═══ THE INPUT

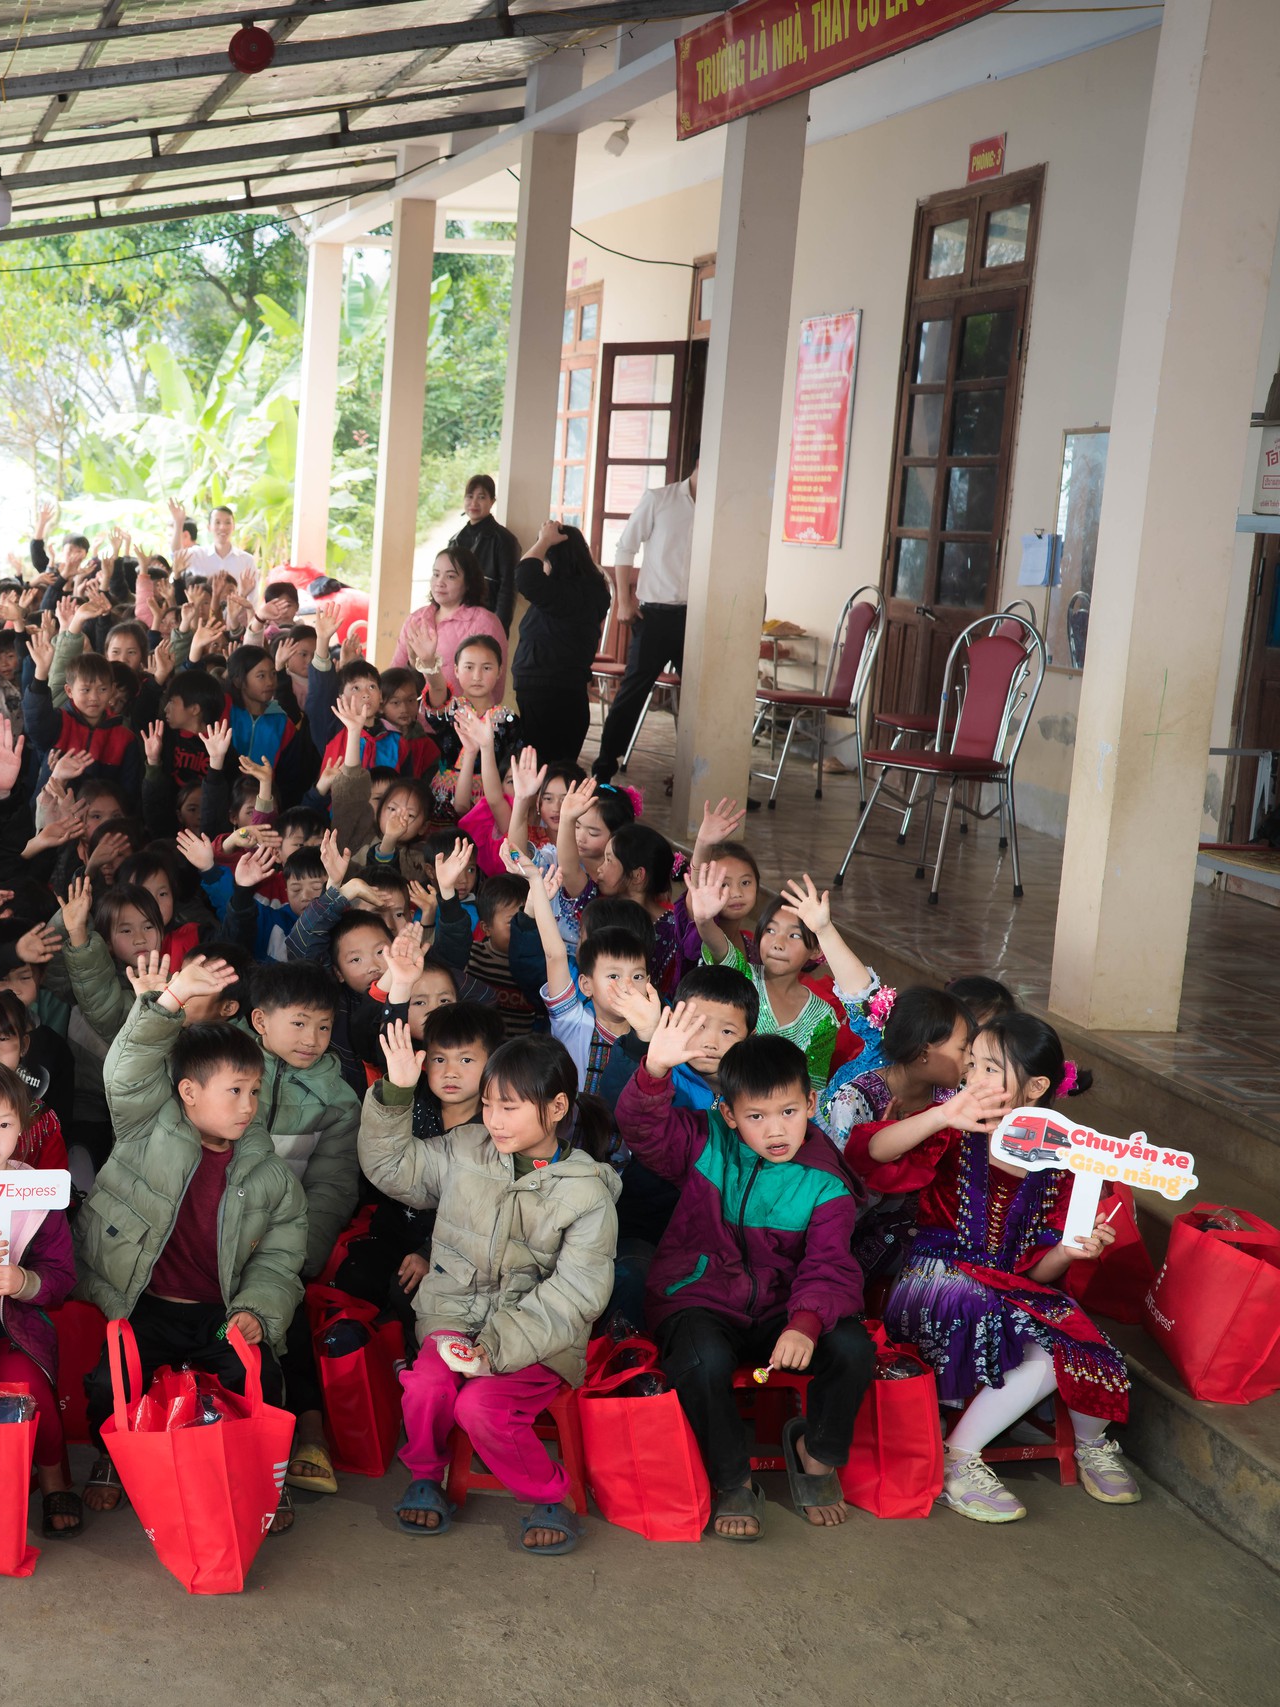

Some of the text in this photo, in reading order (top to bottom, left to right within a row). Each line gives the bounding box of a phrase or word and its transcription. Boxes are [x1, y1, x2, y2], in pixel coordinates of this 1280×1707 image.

[696, 37, 746, 104] TRƯỜNG
[749, 19, 768, 81] LÀ
[772, 1, 808, 72] NHÀ,
[1070, 1129, 1158, 1163] Chuyến
[1162, 1151, 1190, 1169] xe
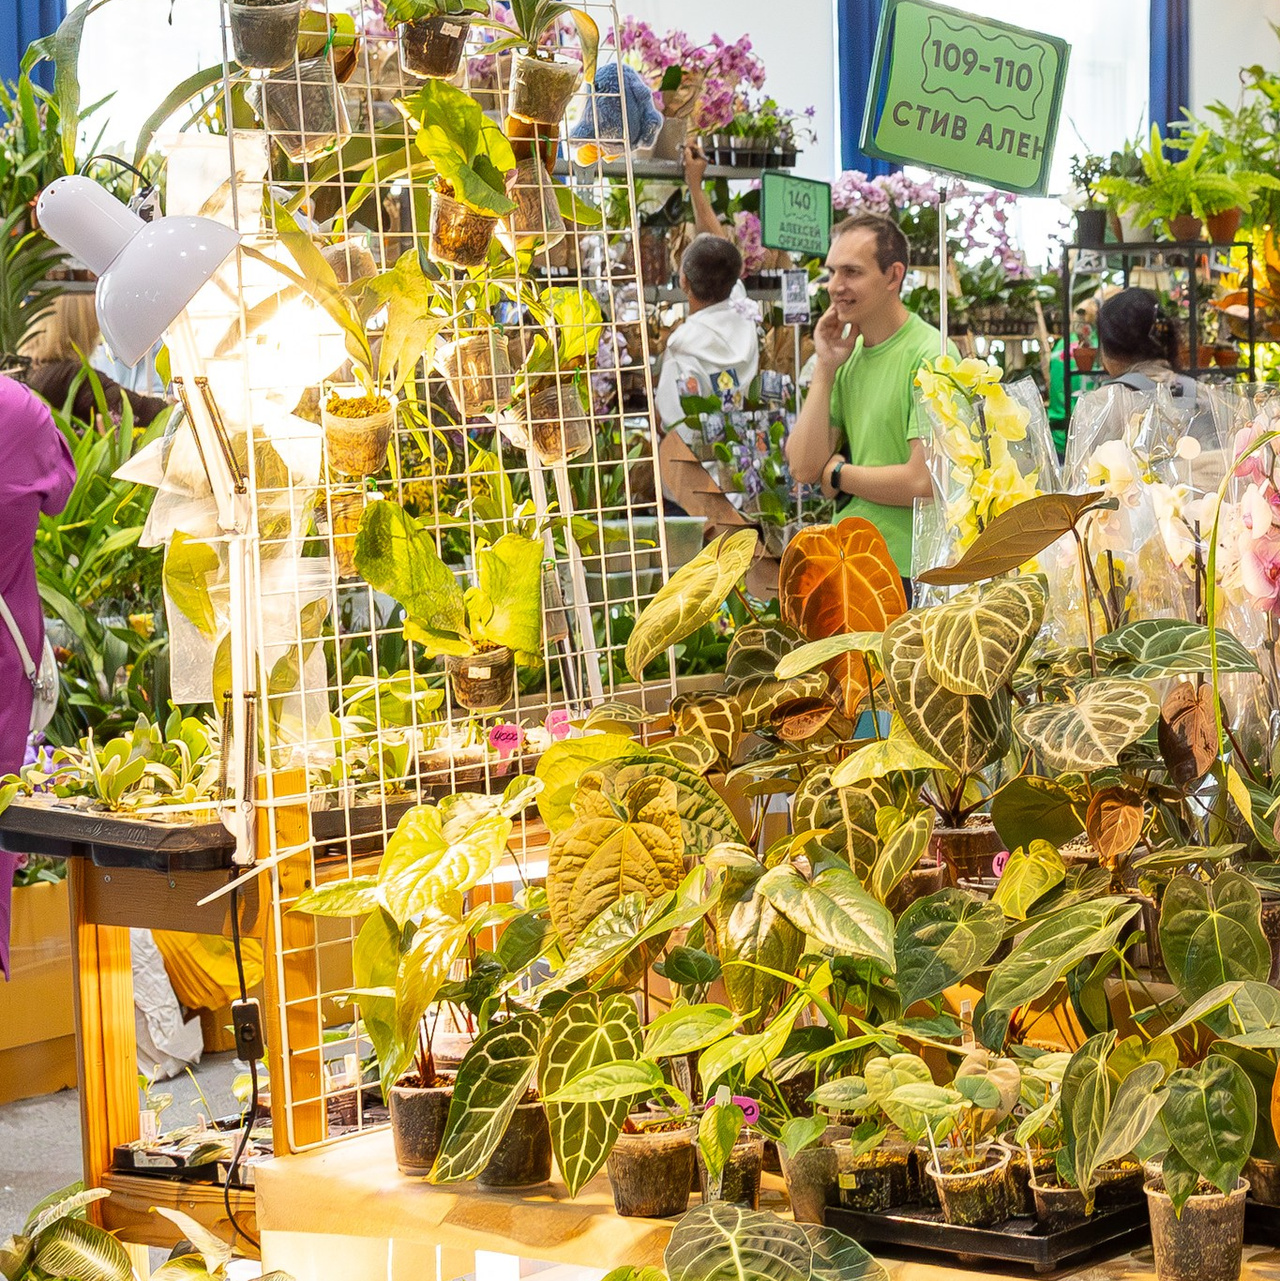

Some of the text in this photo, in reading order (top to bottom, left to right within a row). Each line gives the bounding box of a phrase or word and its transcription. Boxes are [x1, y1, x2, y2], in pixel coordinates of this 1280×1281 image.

[932, 39, 1033, 92] 109-110
[892, 100, 968, 141] СТИВ
[788, 190, 811, 211] 140
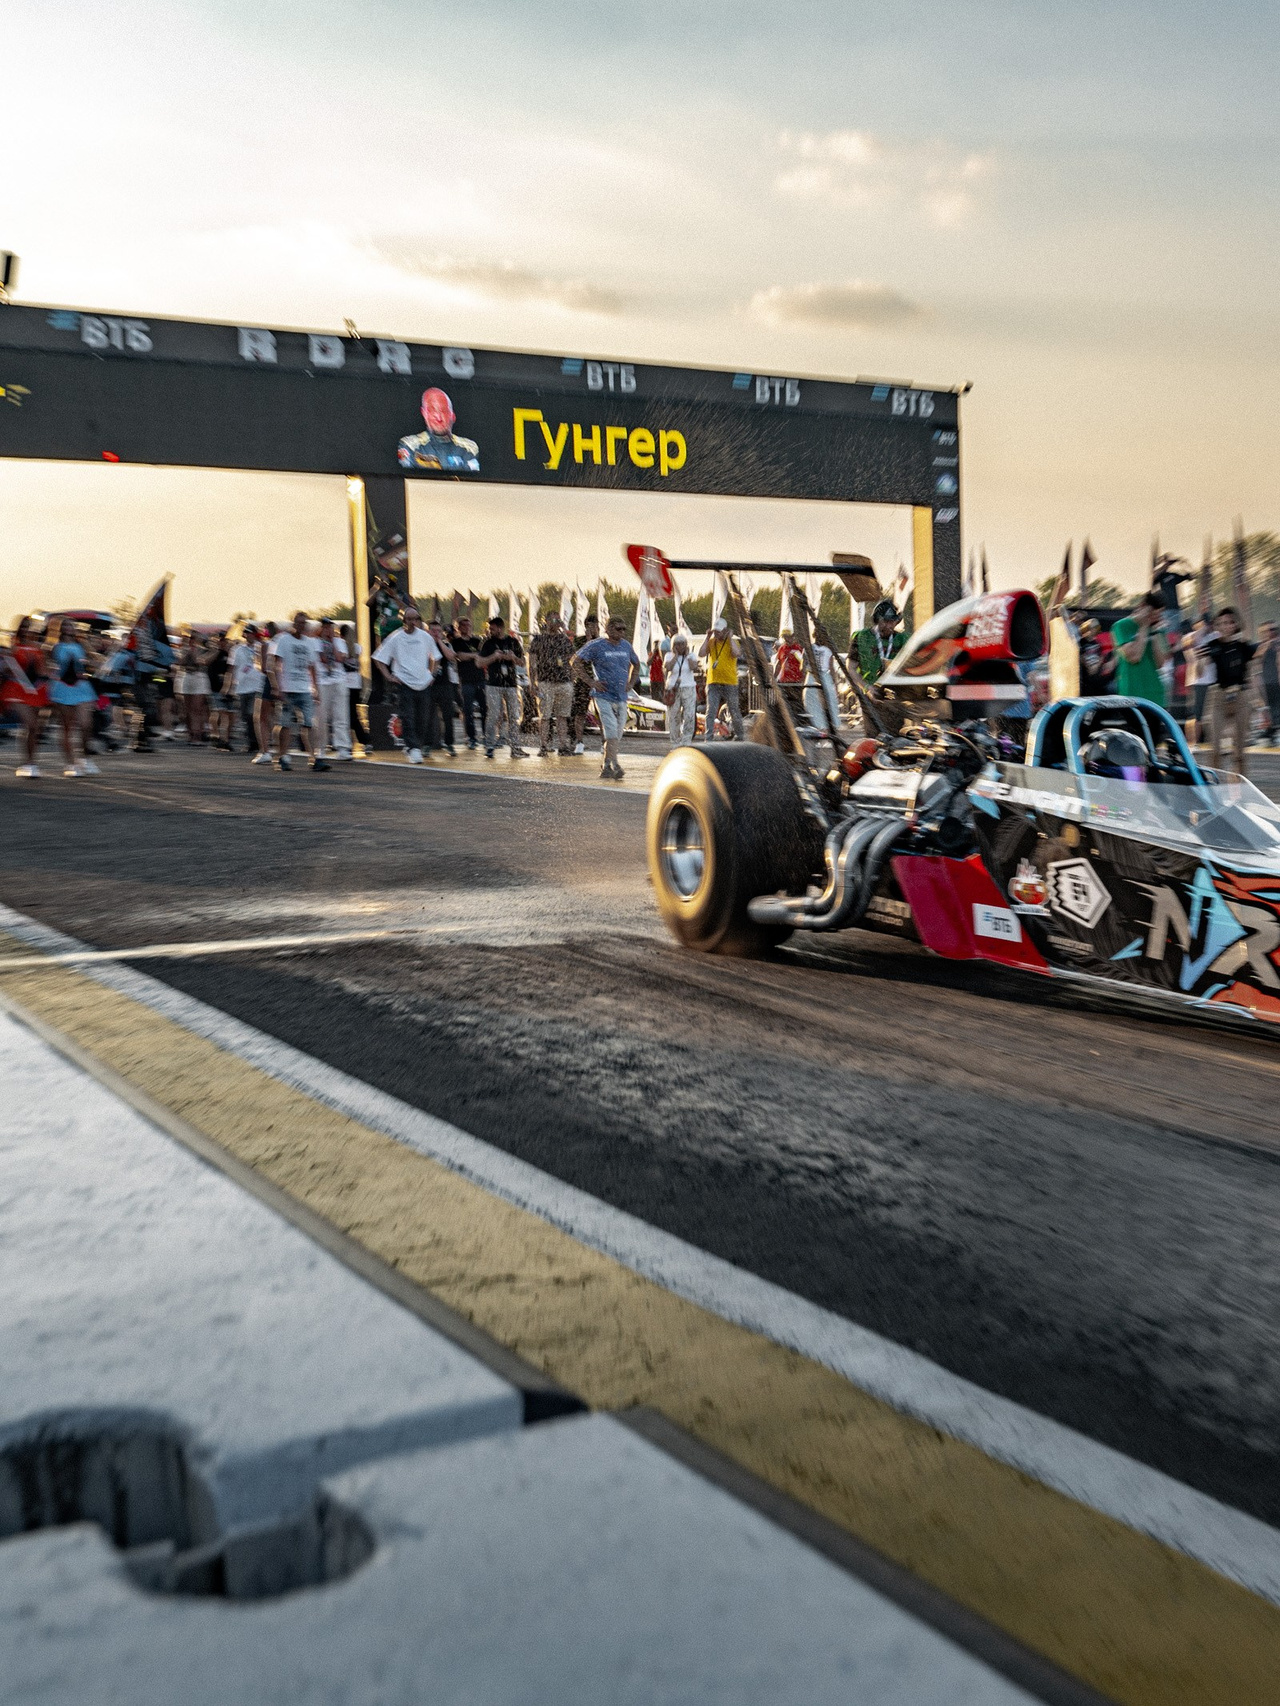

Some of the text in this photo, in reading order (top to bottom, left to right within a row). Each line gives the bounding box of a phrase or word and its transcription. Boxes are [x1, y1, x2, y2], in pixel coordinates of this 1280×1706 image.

[586, 361, 637, 394] ВТБ
[755, 375, 800, 407] ВТБ
[891, 388, 935, 418] ВТБ
[513, 407, 687, 476] Гунгер
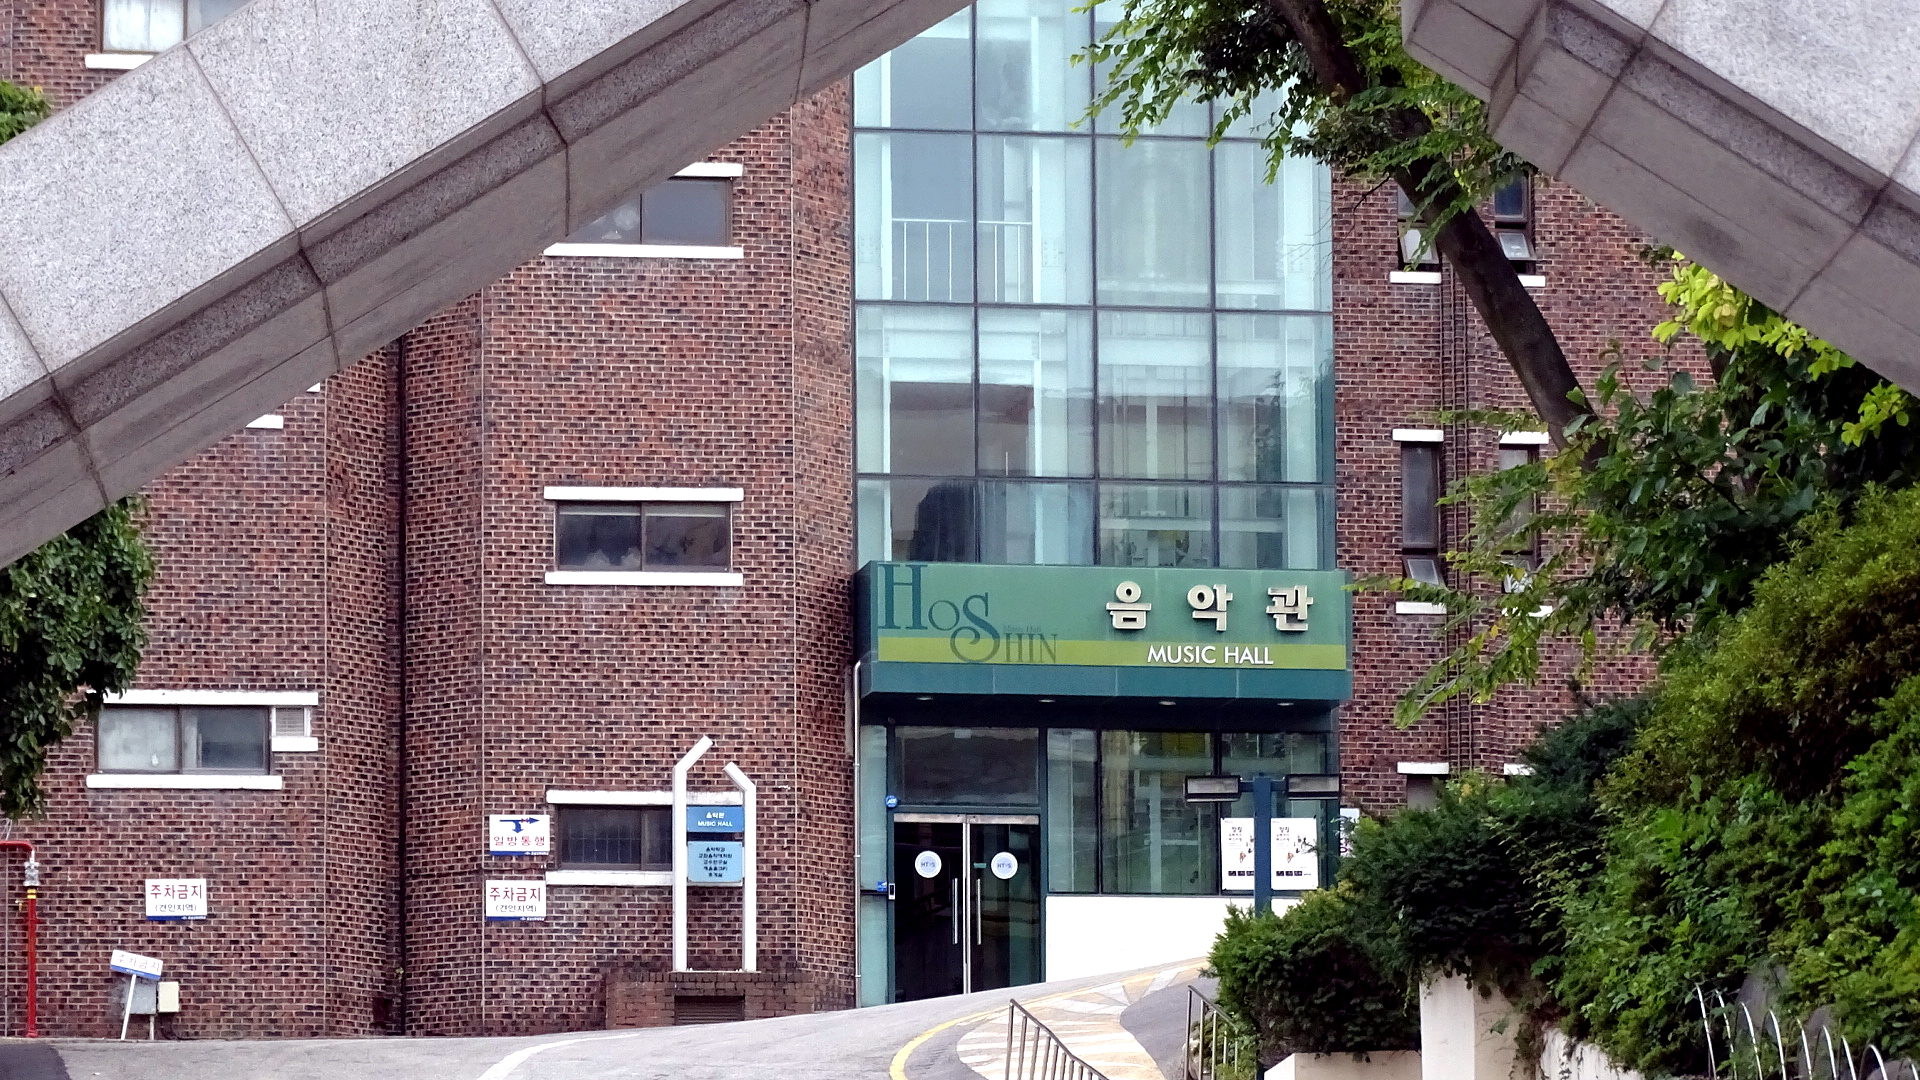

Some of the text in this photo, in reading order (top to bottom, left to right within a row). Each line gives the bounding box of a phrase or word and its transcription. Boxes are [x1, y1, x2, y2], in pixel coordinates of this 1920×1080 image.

══════

DIRECTIONS FOR THIS TASK:
Exactly the lines from the one holding "this 1280×1281 image." through the last line of the entries, both included, are to be duplicated; leave the pictures out.

EXERCISE RESPONSE:
Some of the text in this photo, in reading order (top to bottom, left to right within a row). Each line gives the bounding box of a phrase or word and its transcription. Boxes are [x1, y1, x2, y2], in pixel coordinates of this 1280×1281 image.

[932, 39, 1033, 92] 109-110
[892, 100, 968, 141] СТИВ
[788, 190, 811, 211] 140

Some of the text in this photo, in reading order (top to bottom, left to right within a row). Each line gives the bounding box of a phrase or word and its transcription. Boxes are [x1, y1, x2, y2], in pixel coordinates of this 1280×1706 image.

[586, 361, 637, 394] ВТБ
[755, 375, 800, 407] ВТБ
[891, 388, 935, 418] ВТБ
[513, 407, 687, 476] Гунгер

Some of the text in this photo, in reading order (top to bottom, left to right within a row). Each line gives the bounding box of a phrase or word and its transcription. Boxes are [x1, y1, x2, y2], in pixel coordinates of this 1920×1080 image.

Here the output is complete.